Mechanical rubbing of a heated surface with molten solder can be used for coating the surface. Both surfaces to be joined can be prepared this way, then placed together and reheated. This technique was formerly used to repair small damages on aluminium aircraft skins.

A very thin layer of zinc can be used for joining aluminium parts. The parts must be perfectly machined, or pressed together, due to the small volume of filler metal. At high temperature applied for long time, the zinc diffuses away from the joint. The resulting joint does not present a mechanical weakness and is corrosion-resistant. The technique is known as diffusion soldering.

Fluxless brazing of copper alloys can be done with self-fluxing filler metals. Such metals contain an element capable of reaction with oxygen, usually phosphorus. A good example is the family of copper-phosphorus alloys.

== Properties ==
Fluxes have several important properties:
- Activity – the ability to dissolve existing oxides on the metal surface and promote wetting with solder. Highly active fluxes are often acidic or corrosive in nature.
- Corrosivity – the promotion of corrosion by the flux and its residues. Most active fluxes tend to be corrosive at room temperatures and require careful removal. As activity and corrosivity are linked, the preparation of surfaces to join should allow use of milder fluxes. Some water-soluble flux residues are hygroscopic, which causes problems with electrical resistance and contributes to corrosion.

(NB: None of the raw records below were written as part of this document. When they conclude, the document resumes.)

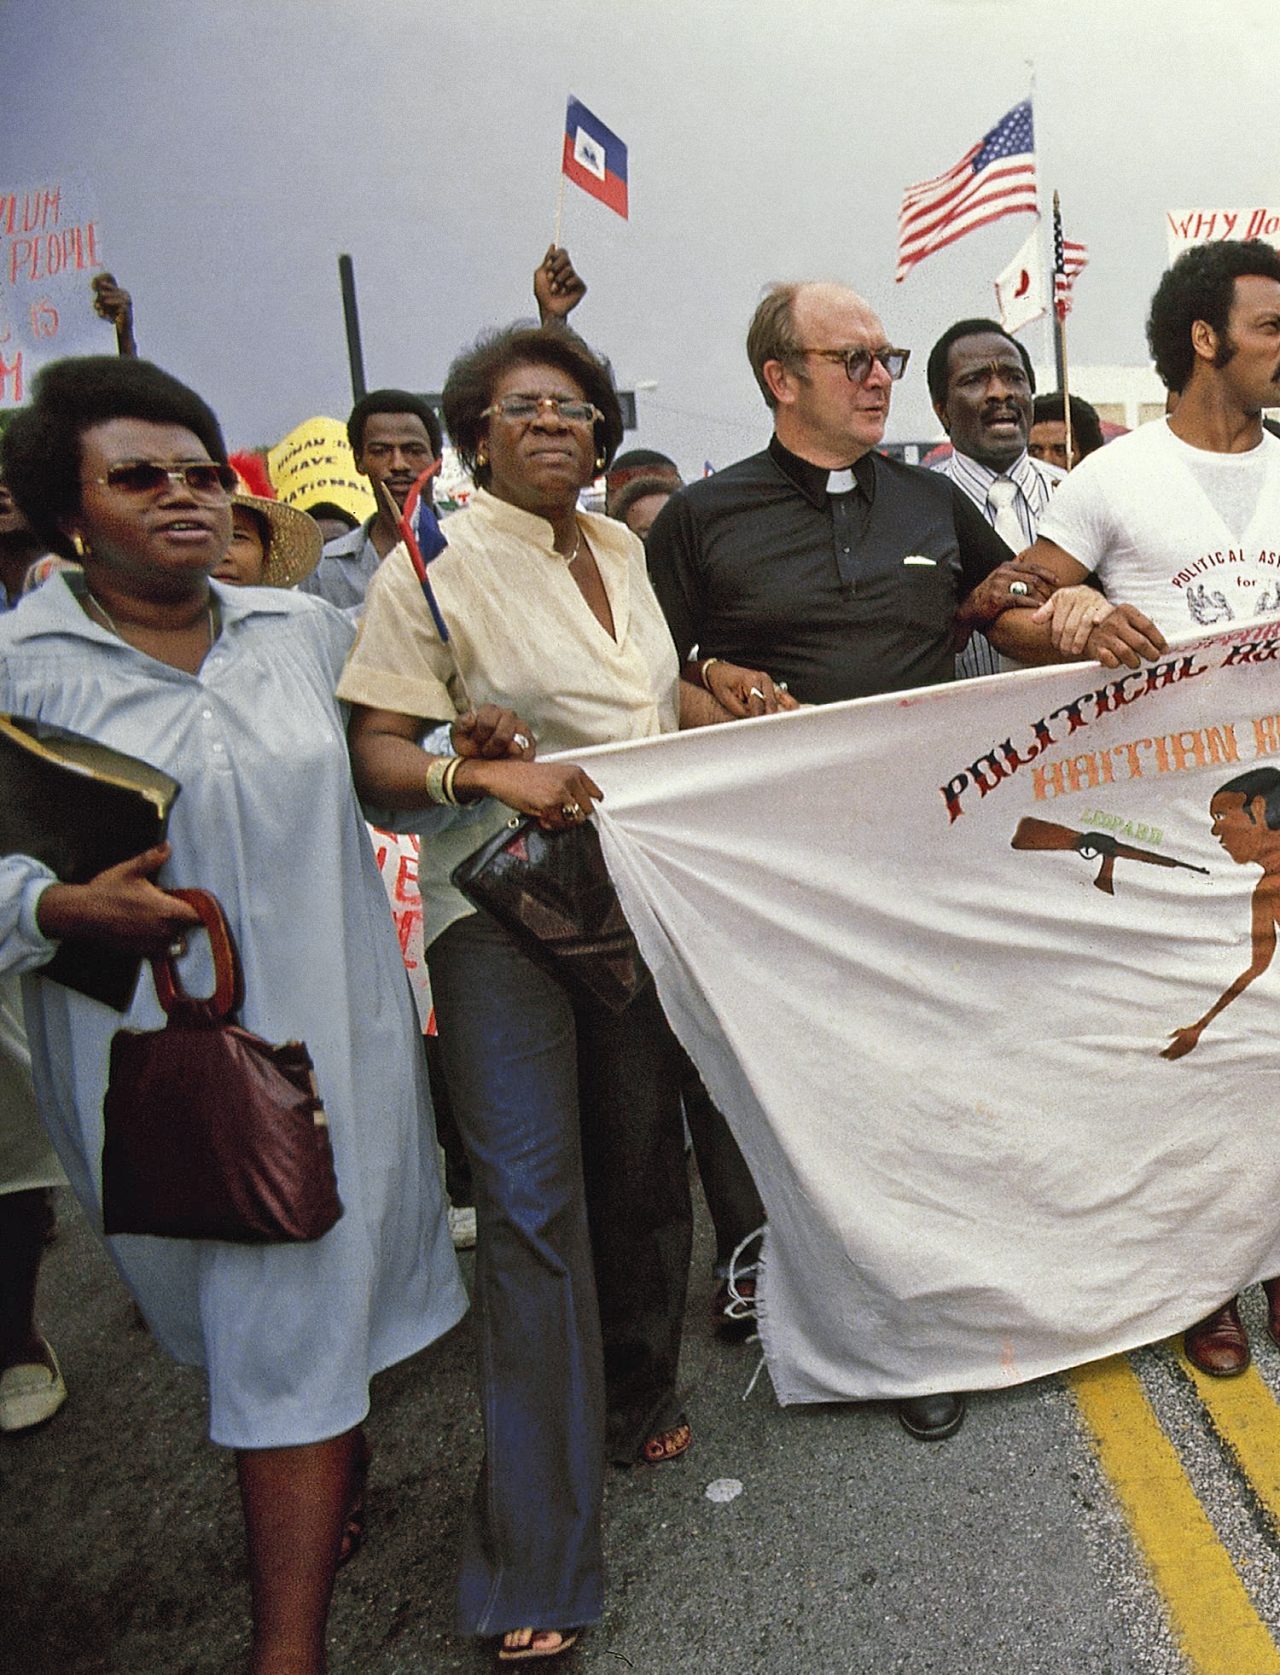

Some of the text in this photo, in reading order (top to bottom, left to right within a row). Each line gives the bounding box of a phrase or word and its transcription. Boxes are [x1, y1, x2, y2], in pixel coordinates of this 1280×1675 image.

[1167, 213, 1238, 240] WHY
[10, 223, 104, 285] PEOPLE
[1172, 549, 1245, 589] POLITICAL
[1236, 576, 1257, 587] for
[939, 654, 1208, 825] POLITICAL
[1031, 722, 1241, 801] HAITIAN
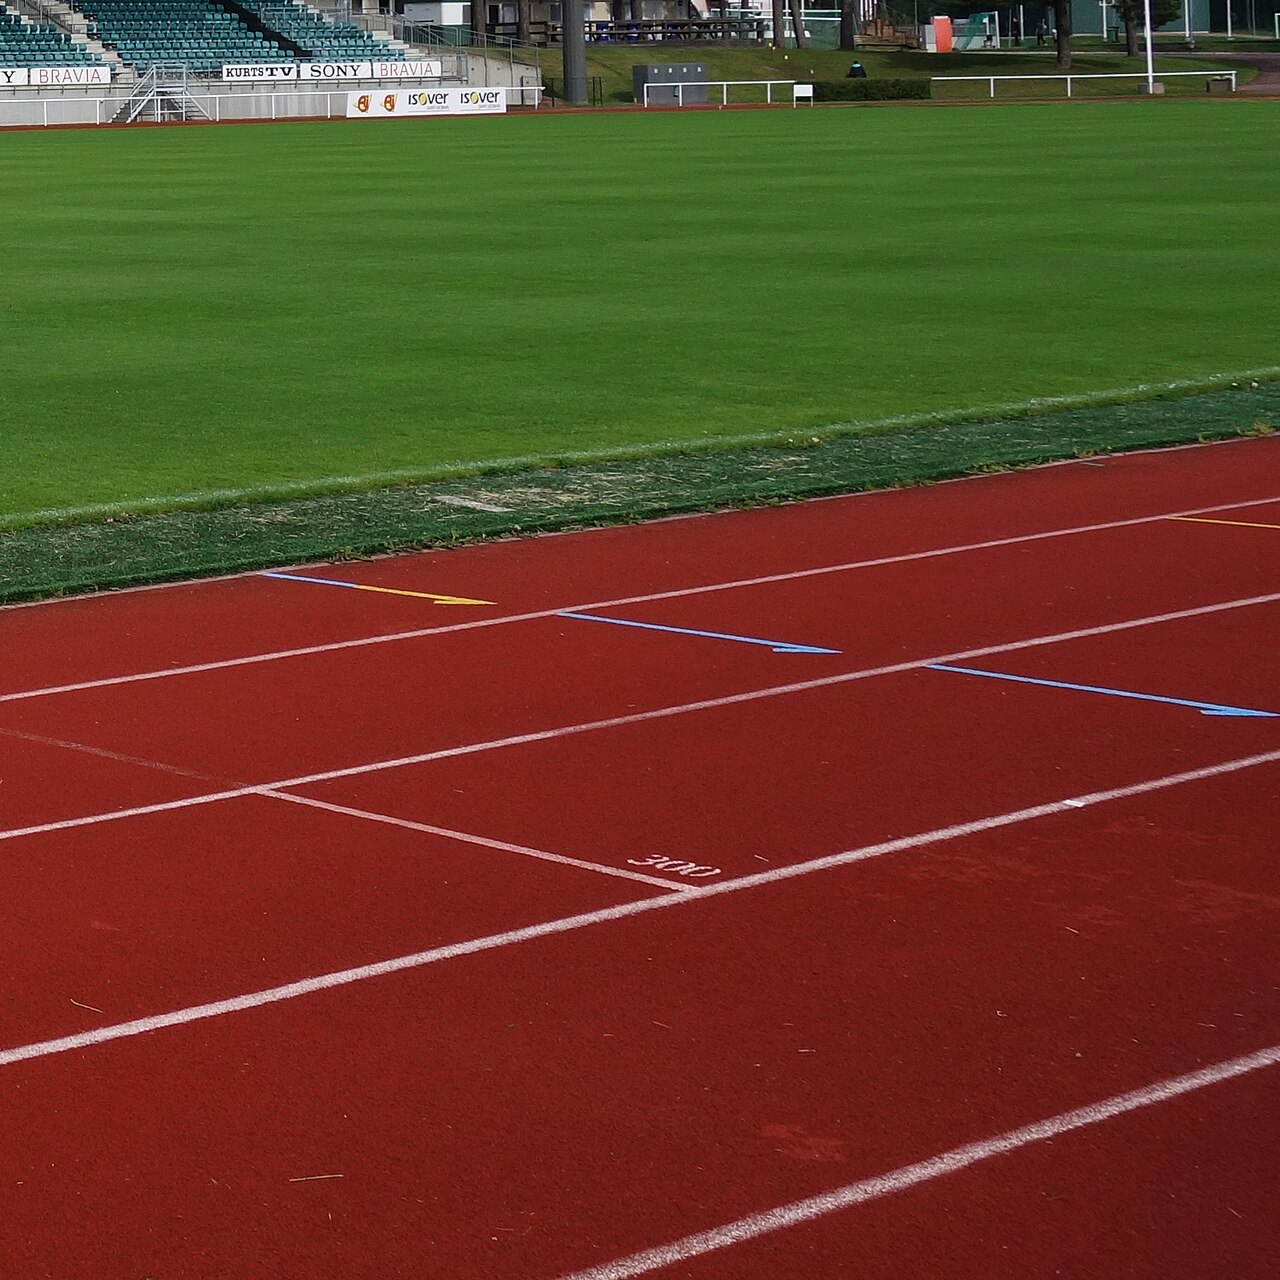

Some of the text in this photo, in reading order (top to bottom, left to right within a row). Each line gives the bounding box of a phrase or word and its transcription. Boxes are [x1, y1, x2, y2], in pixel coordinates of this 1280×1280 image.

[39, 68, 102, 83] BRAVIA
[226, 66, 294, 77] KURTS TV
[310, 64, 362, 78] SONY
[380, 62, 434, 76] BRAVIA
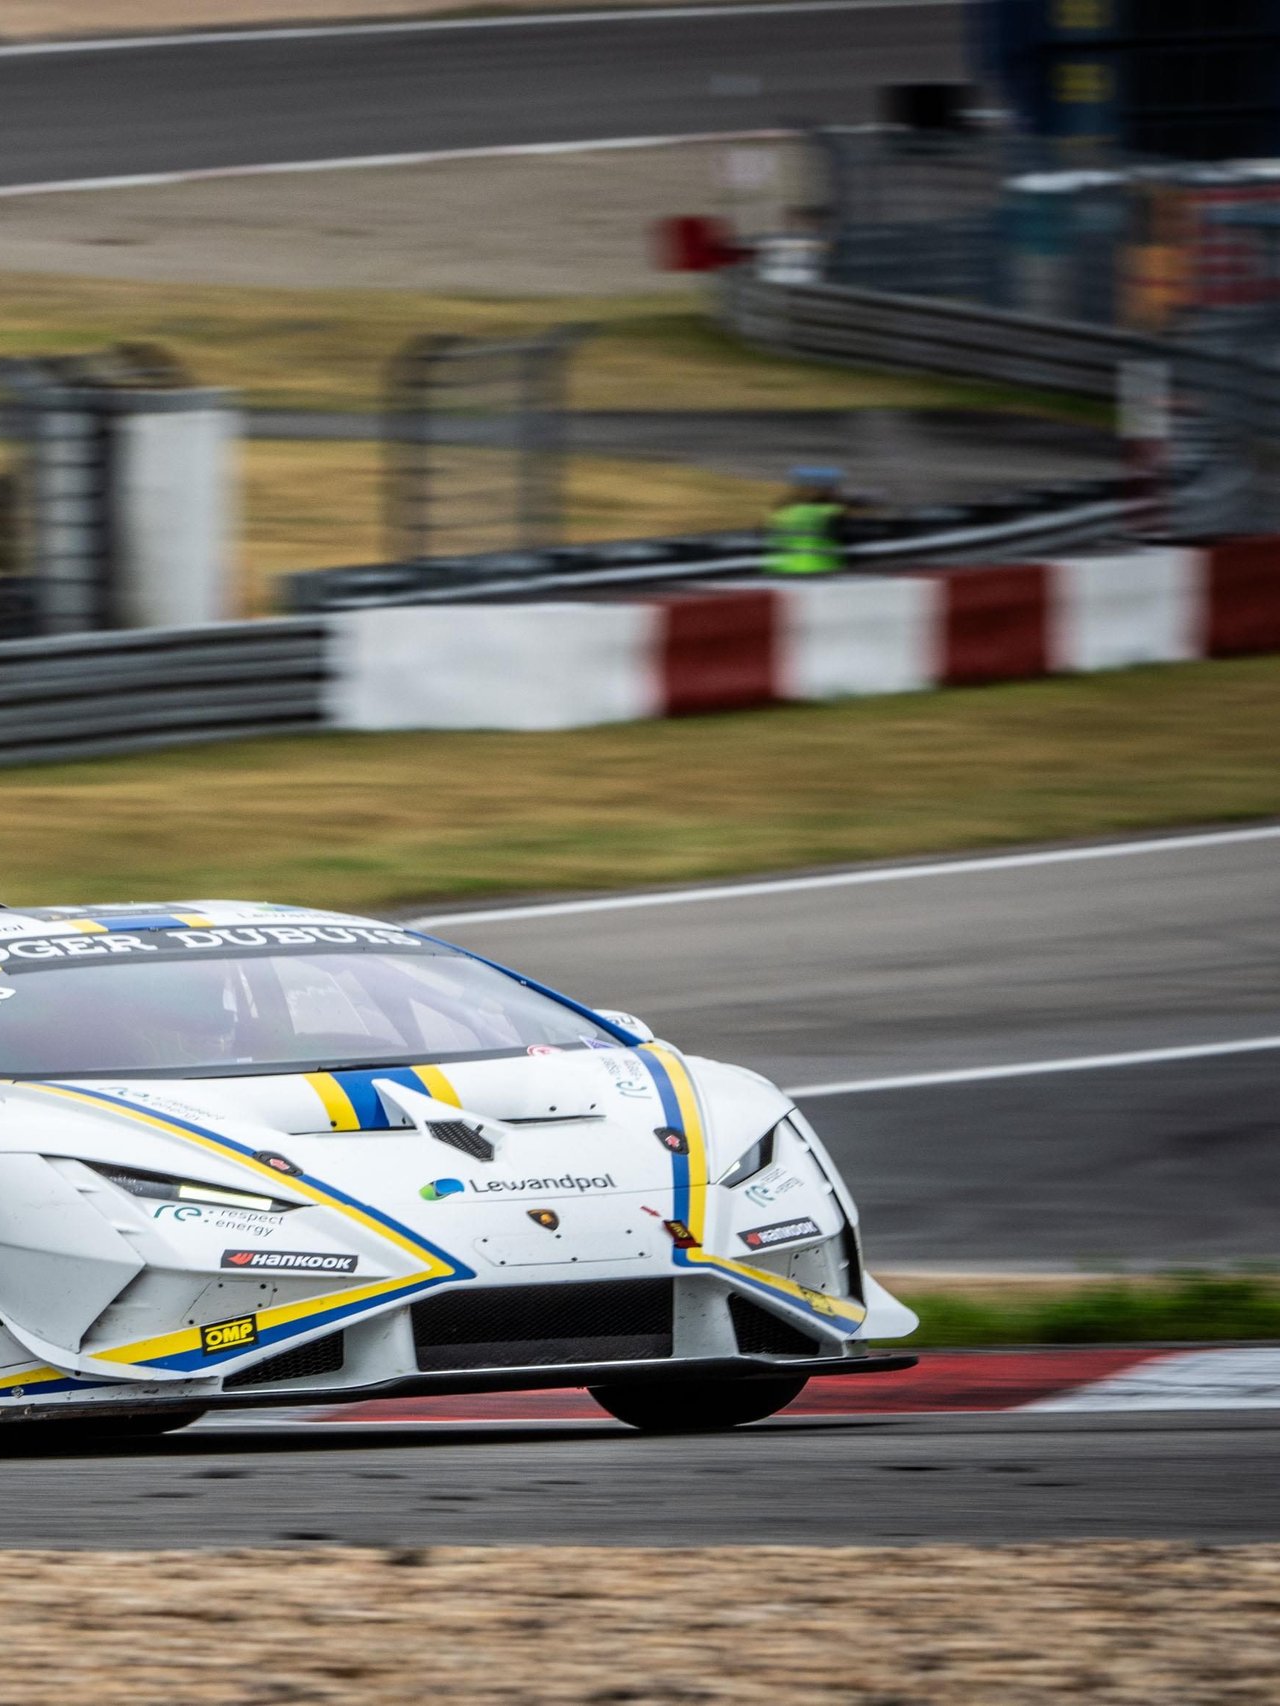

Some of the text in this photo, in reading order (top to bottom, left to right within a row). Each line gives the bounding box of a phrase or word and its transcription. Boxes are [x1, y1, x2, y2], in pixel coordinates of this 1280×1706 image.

[166, 926, 422, 949] DUBUIS
[469, 1173, 618, 1193] Lewandpol
[221, 1209, 285, 1226] respect
[215, 1219, 274, 1238] energy
[205, 1322, 254, 1346] OMP
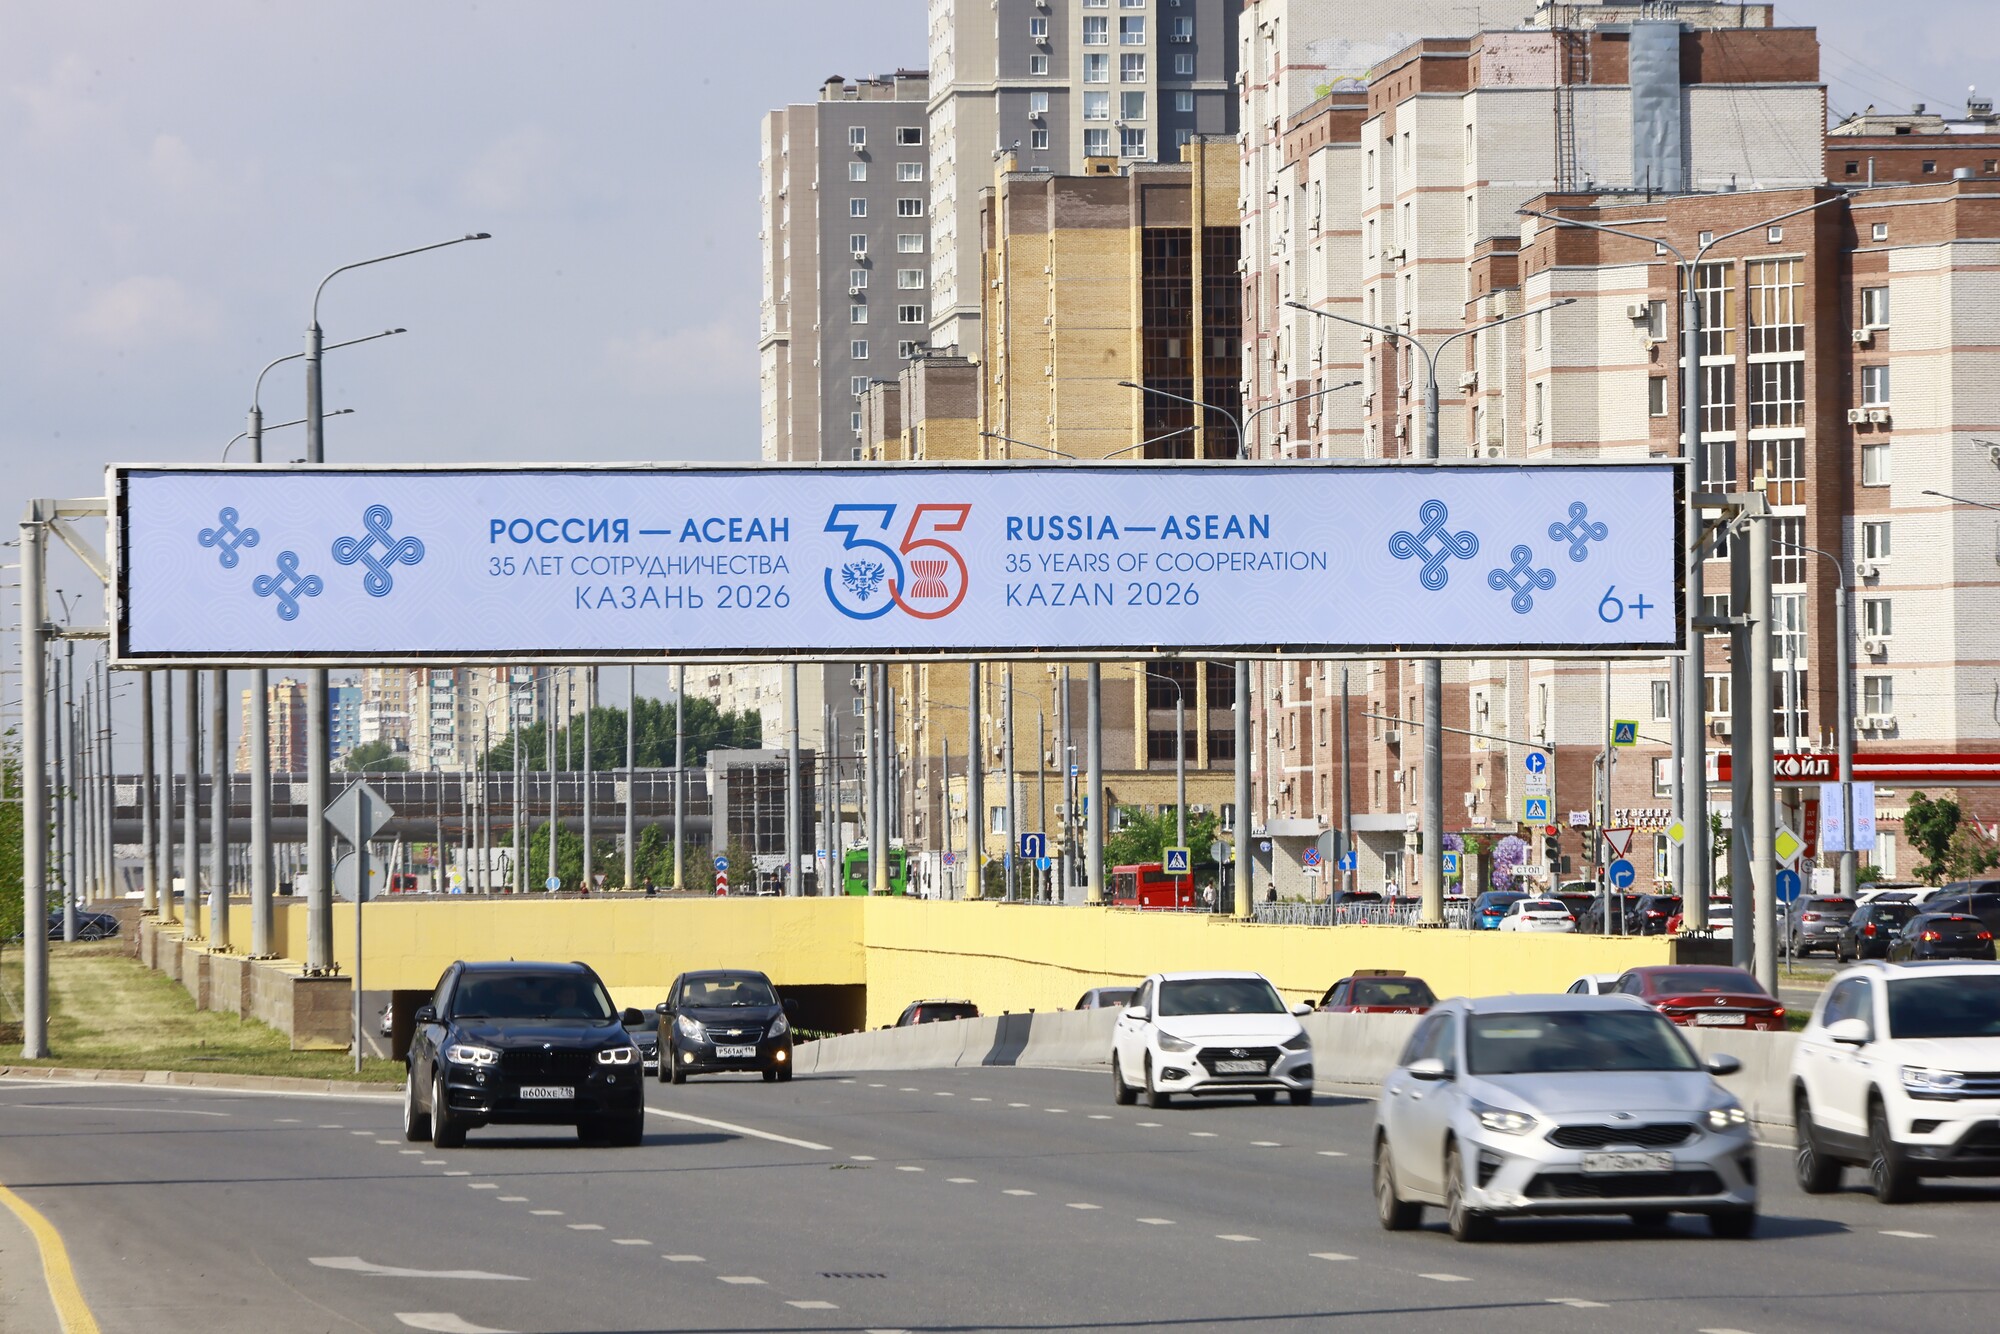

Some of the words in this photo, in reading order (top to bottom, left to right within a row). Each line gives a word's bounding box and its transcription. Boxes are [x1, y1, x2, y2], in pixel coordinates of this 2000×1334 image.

Fluxes containing halides and mineral acids are highly corrosive and require thorough removal. Some fluxes, especially those based on borax used for brazing, form very hard glass-like coatings that are difficult to remove.
- Cleanability – the difficulty of removal of flux and its residues after the soldering operation. Fluxes with higher content of solids tend to leave larger amount of residues; thermal decomposition of some vehicles also leads to formation of difficult-to-clean, polymerized and possibly even charred deposits (a problem especially for hand soldering). Some flux residues are soluble in organic solvents, others in water, some in both. Some fluxes are no-clean, as they are sufficiently volatile or undergo thermal decomposition to volatile products, that they do not require the cleaning step. Other fluxes leave non-corrosive residues that can be left in place. However, flux residues can interfere with subsequent operations; they can impair adhesion of conformal coatings, or act as undesired insulation on connectors and contact pads for test equipment.
- Residue tack – the stickiness of the surface of the flux residue. When not removed, the flux residue should have smooth, hard surface. Tacky surfaces tend to accumulate dust and particulates, which causes issues with electrical resistance; the particles themselves can be conductive or they can be hygroscopic or corrosive.
- Volatility – this property must be balanced to facilitate easy removal of solvents during the preheating phase but to not require too frequent replenishing of solvent in the process equipment.
- Viscosity – especially important for solder pastes, which must be easy to apply but also thick enough to stay in place without spreading to undesired locations. Solder pastes may also function as a temporary adhesive for keeping electronic parts in place before and during soldering. Fluxes applied by e.g. foam require low viscosity.
- Flammability – relevant especially for glycol-based vehicles and for organic solvents. Flux vapors tend to have low autoignition temperature and present a risk of a flash fire when the flux comes in contact with a hot surface.
- Solids – the percentage of solid material in the flux. Fluxes with low solids, sometimes as little as 1–2%, are called low solids flux, low-residue flux, or no clean flux. They are often composed of weak organic acids, with addition of small amount of rosin or other resins.
- Conductivity – some fluxes remain conductive after soldering if not cleaned properly, leading to random malfunctions on circuits with high impedances. Different types of fluxes are differently prone to cause these issues.

== Composition ==
===Fluxes for metal joining===
The composition of fluxes is tailored for the required properties—the base metals and their surface preparation (which determine the composition and thickness of surface oxides), the solder (which determines the wetting properties and the soldering temperature), the corrosion resistance and ease of removal, and others.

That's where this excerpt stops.